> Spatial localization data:
....
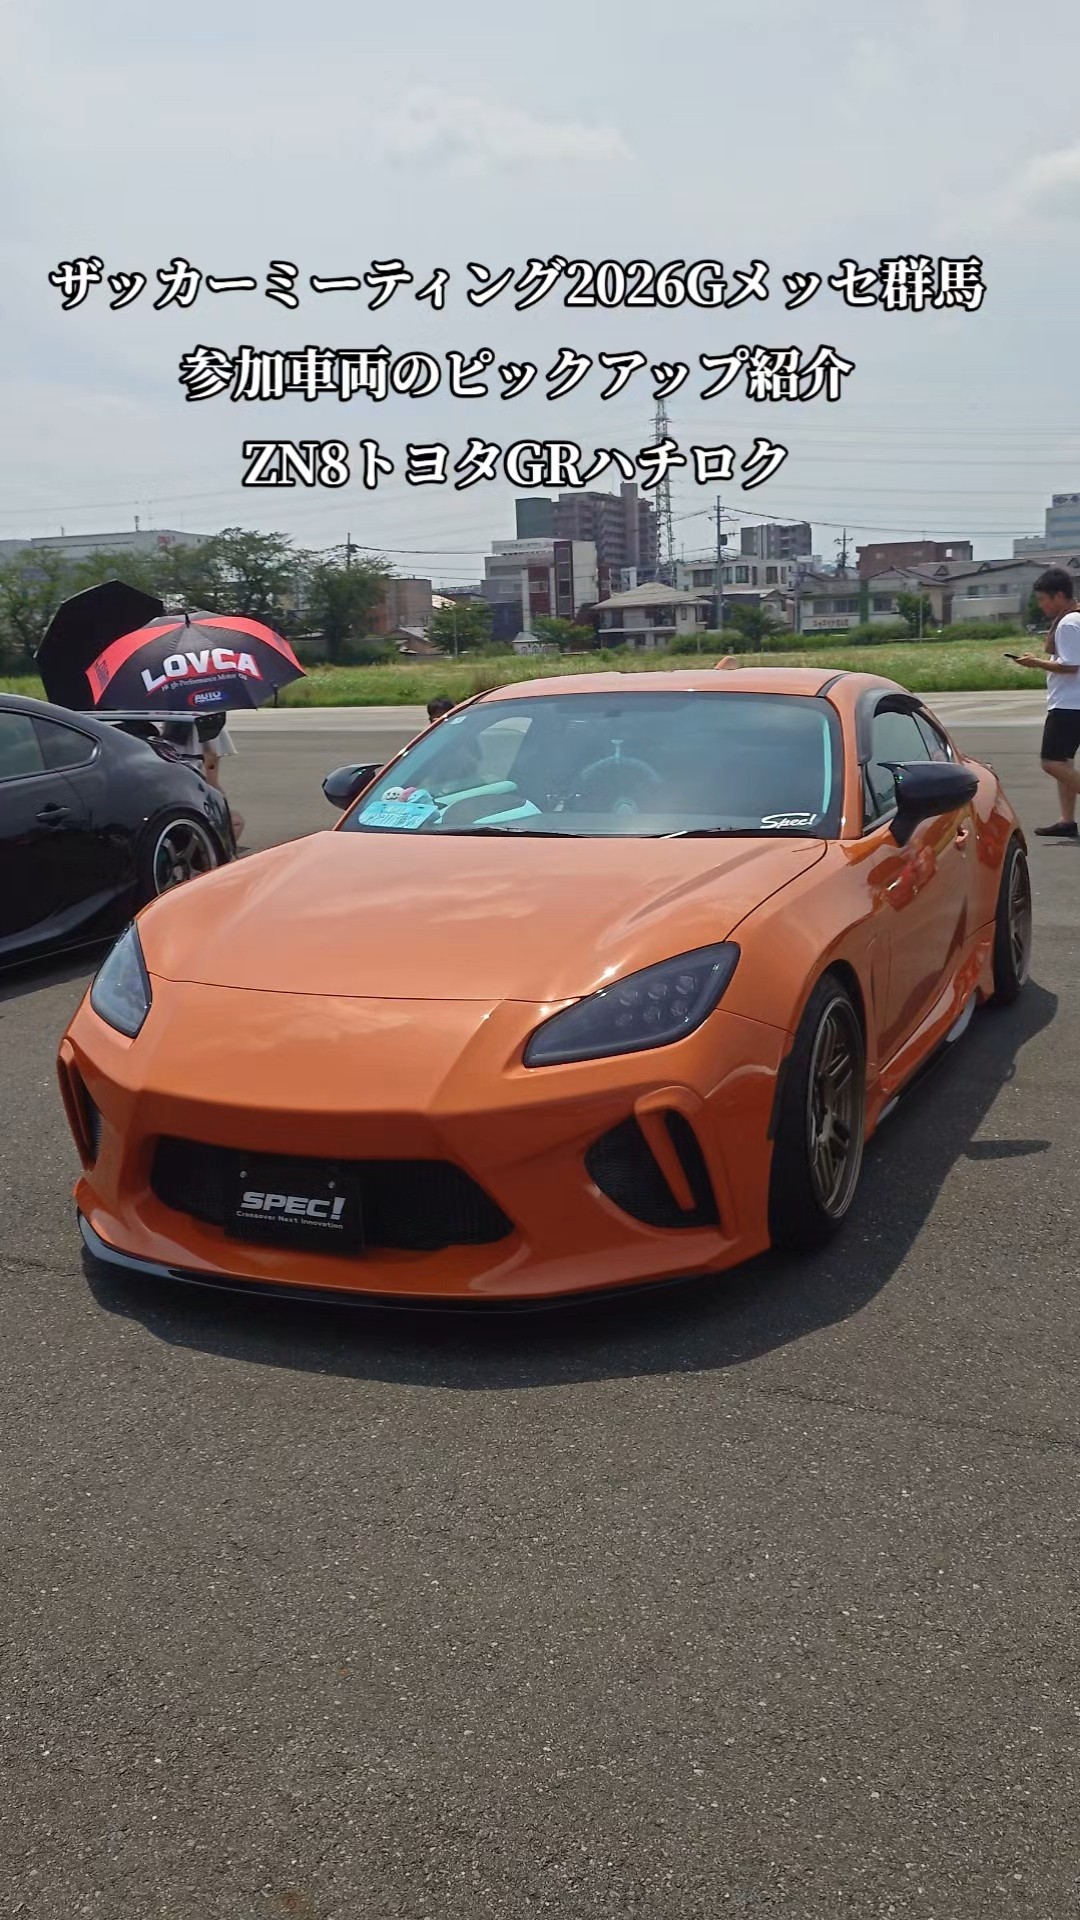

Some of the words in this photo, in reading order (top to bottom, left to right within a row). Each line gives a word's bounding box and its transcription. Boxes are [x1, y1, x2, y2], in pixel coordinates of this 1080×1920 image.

[141, 648, 260, 692] LOVCA
[180, 676, 217, 687] Performance
[217, 673, 237, 681] Motor
[194, 691, 221, 700] AUTO
[240, 1191, 346, 1221] SPEC!
[236, 1210, 276, 1221] Crossover
[278, 1215, 298, 1224] Next
[300, 1218, 344, 1230] Innovation
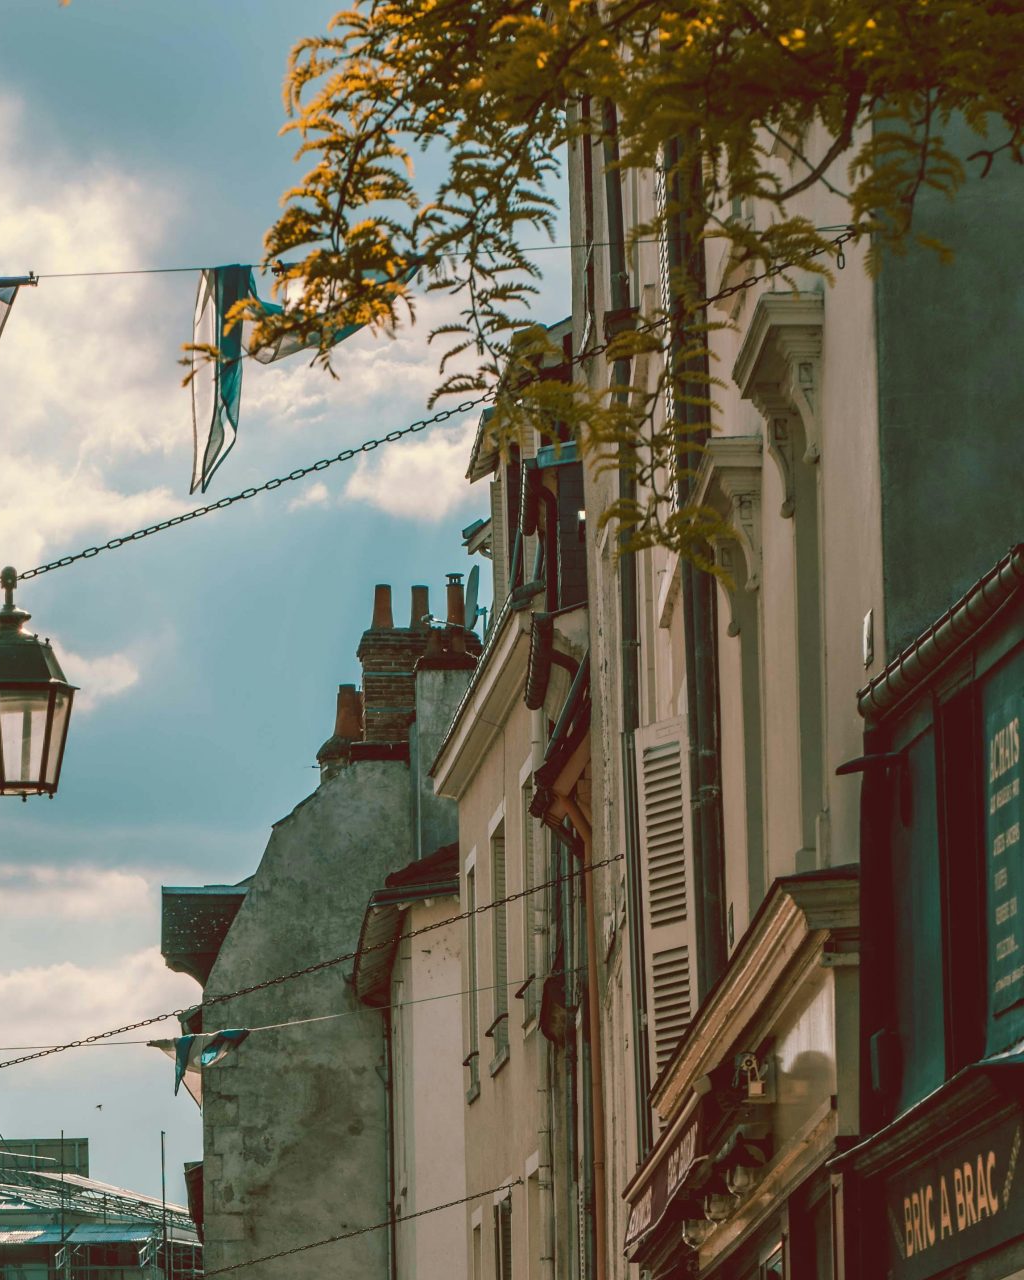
....
> AIM OF THE EXERCISE:
Would you copy the records word for word, without any of their pictures?

> EXERCISE ANSWER:
Some of the words in this photo, in reading order (top to bottom, left to right within a row). Each line gives a word's bounding box and its transcription. Boxes are [x1, y1, x2, y2], in pixel coordinates of this 1080×1920 image.

[141, 648, 260, 692] LOVCA
[180, 676, 217, 687] Performance
[217, 673, 237, 681] Motor
[194, 691, 221, 700] AUTO
[240, 1191, 346, 1221] SPEC!
[236, 1210, 276, 1221] Crossover
[278, 1215, 298, 1224] Next
[300, 1218, 344, 1230] Innovation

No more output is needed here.